[What is being asked] Give a verbatim copy of the data, leaving the pictures out.

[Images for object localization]
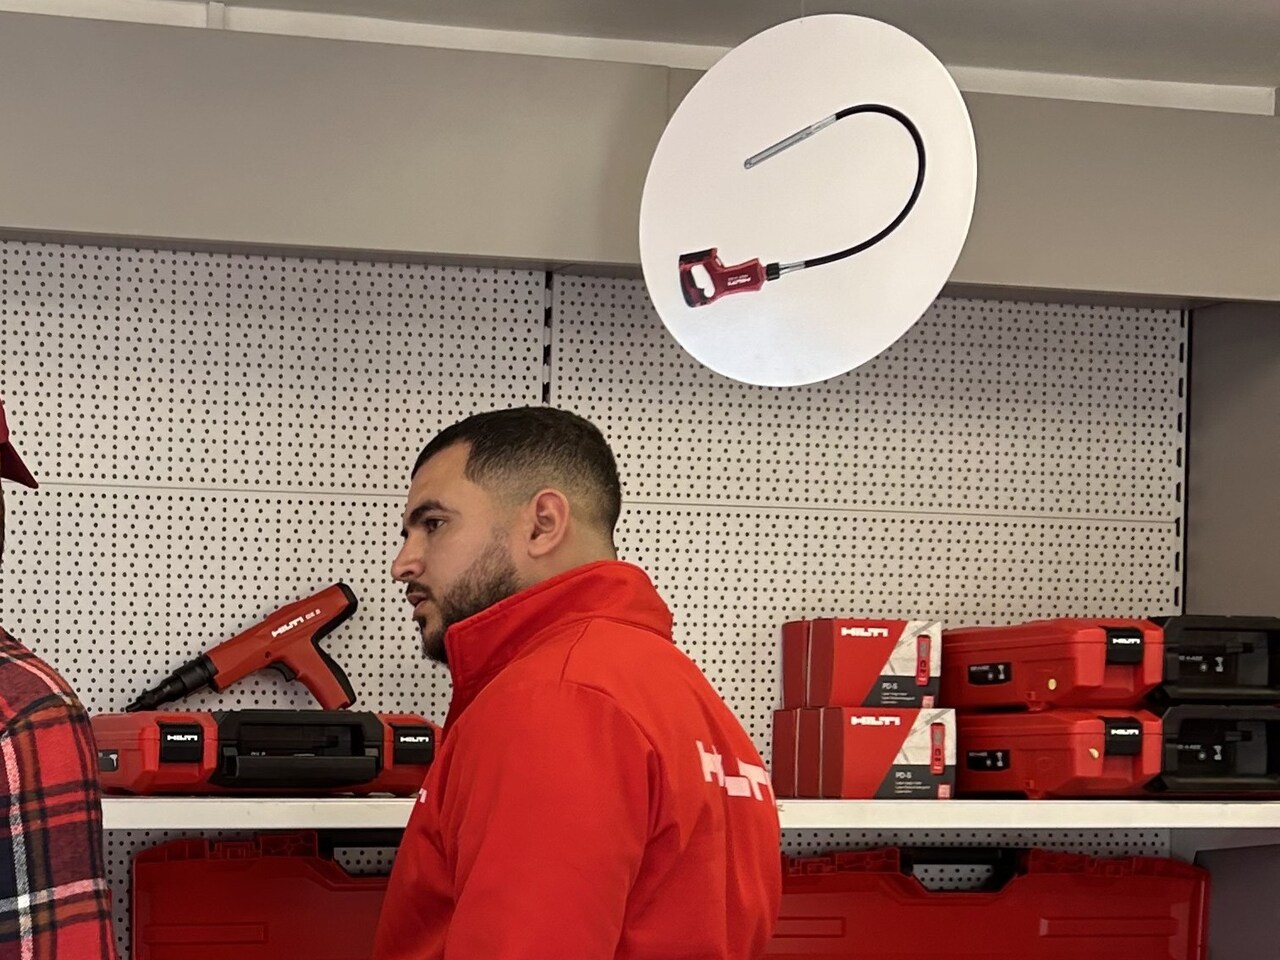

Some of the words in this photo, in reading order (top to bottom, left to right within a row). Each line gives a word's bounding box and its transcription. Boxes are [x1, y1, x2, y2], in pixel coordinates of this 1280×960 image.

[271, 616, 304, 638] HILTI
[841, 627, 889, 637] HILTI
[851, 716, 901, 726] HILTI
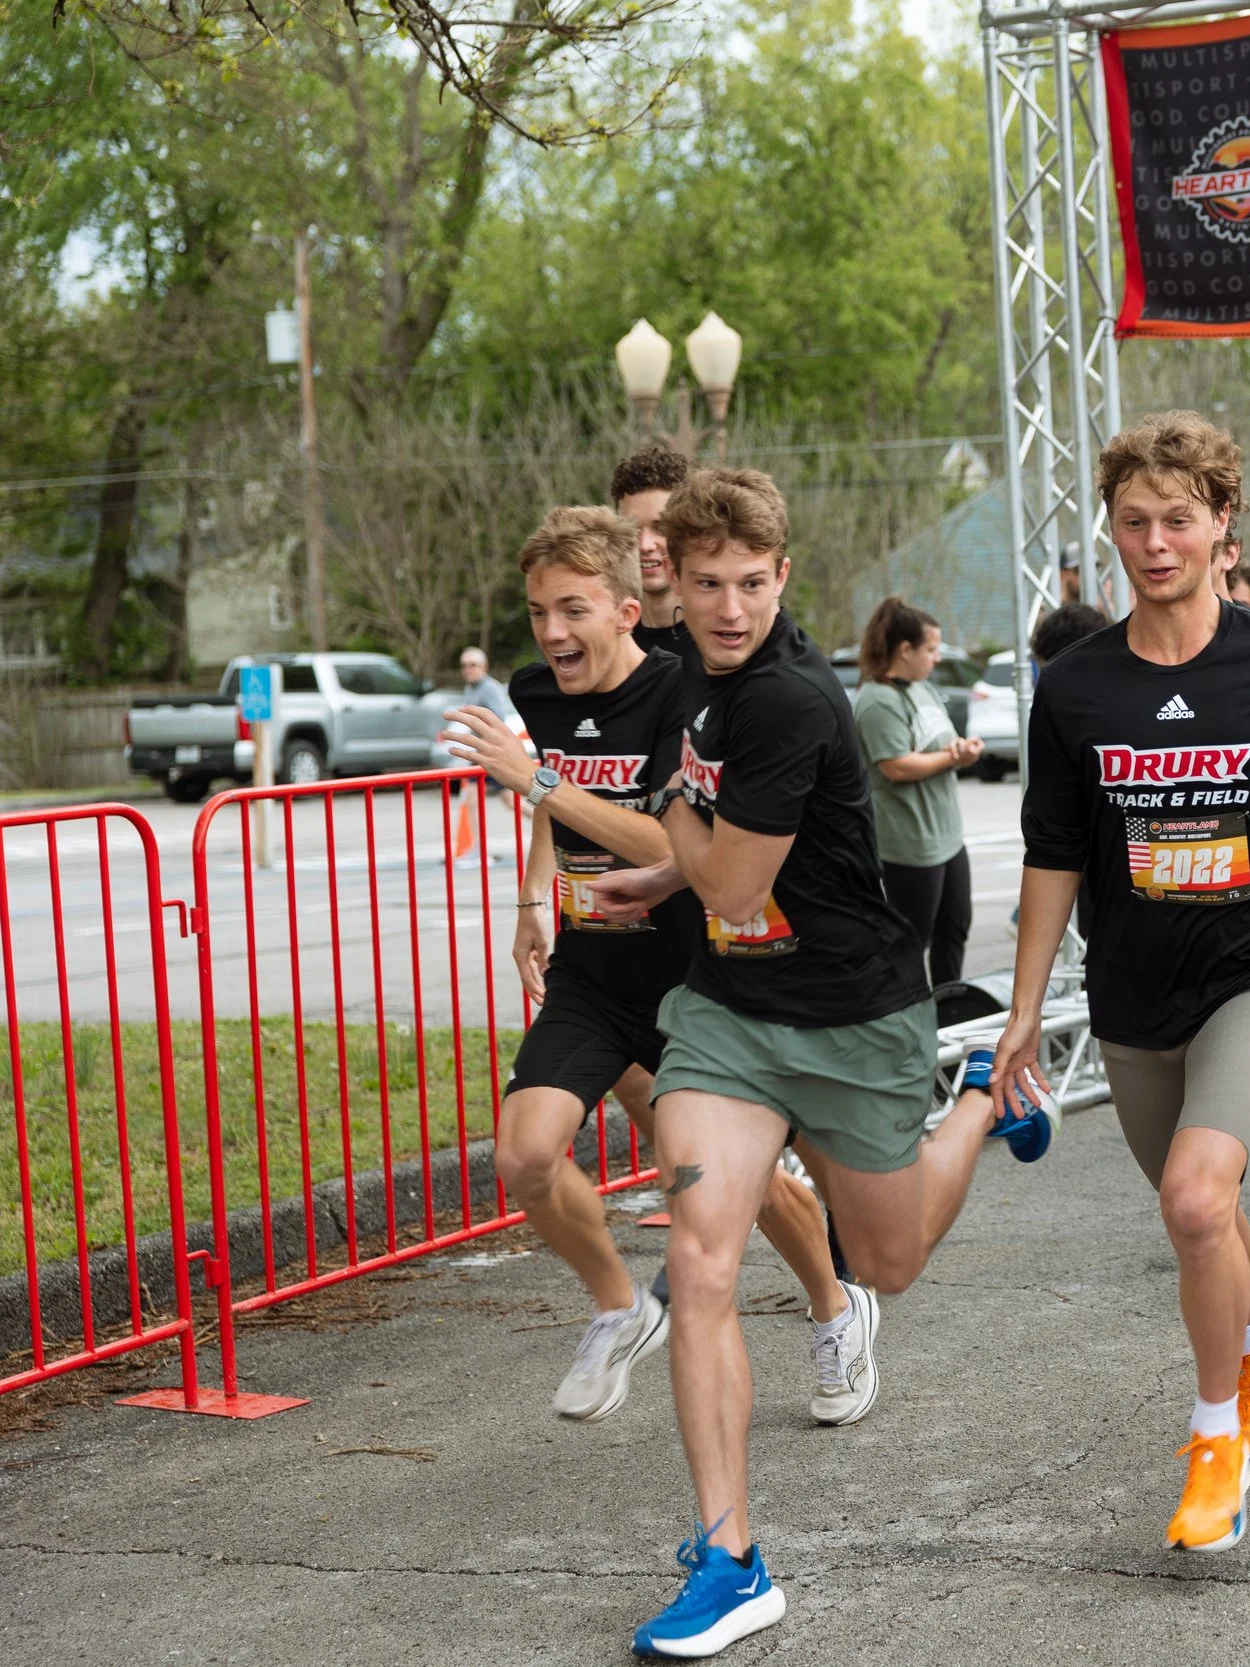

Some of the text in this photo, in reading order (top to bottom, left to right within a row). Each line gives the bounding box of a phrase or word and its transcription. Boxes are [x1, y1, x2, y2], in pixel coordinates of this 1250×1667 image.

[The answer]
Some of the words in this photo, in reading order (top to bottom, left to right within a row). Each line gives a word's bounding box and its transcription. Boxes are [x1, y1, x2, y2], in pixel coordinates of this 1280×960 image.

[271, 616, 304, 638] HILTI
[841, 627, 889, 637] HILTI
[851, 716, 901, 726] HILTI

Some of the text in this photo, in reading order (top to bottom, left to right within a row). Each line gives the bounding box of a phrase or word and its transcription. Boxes are [x1, y1, x2, y2], in pixel coordinates of this 1250×1667 image.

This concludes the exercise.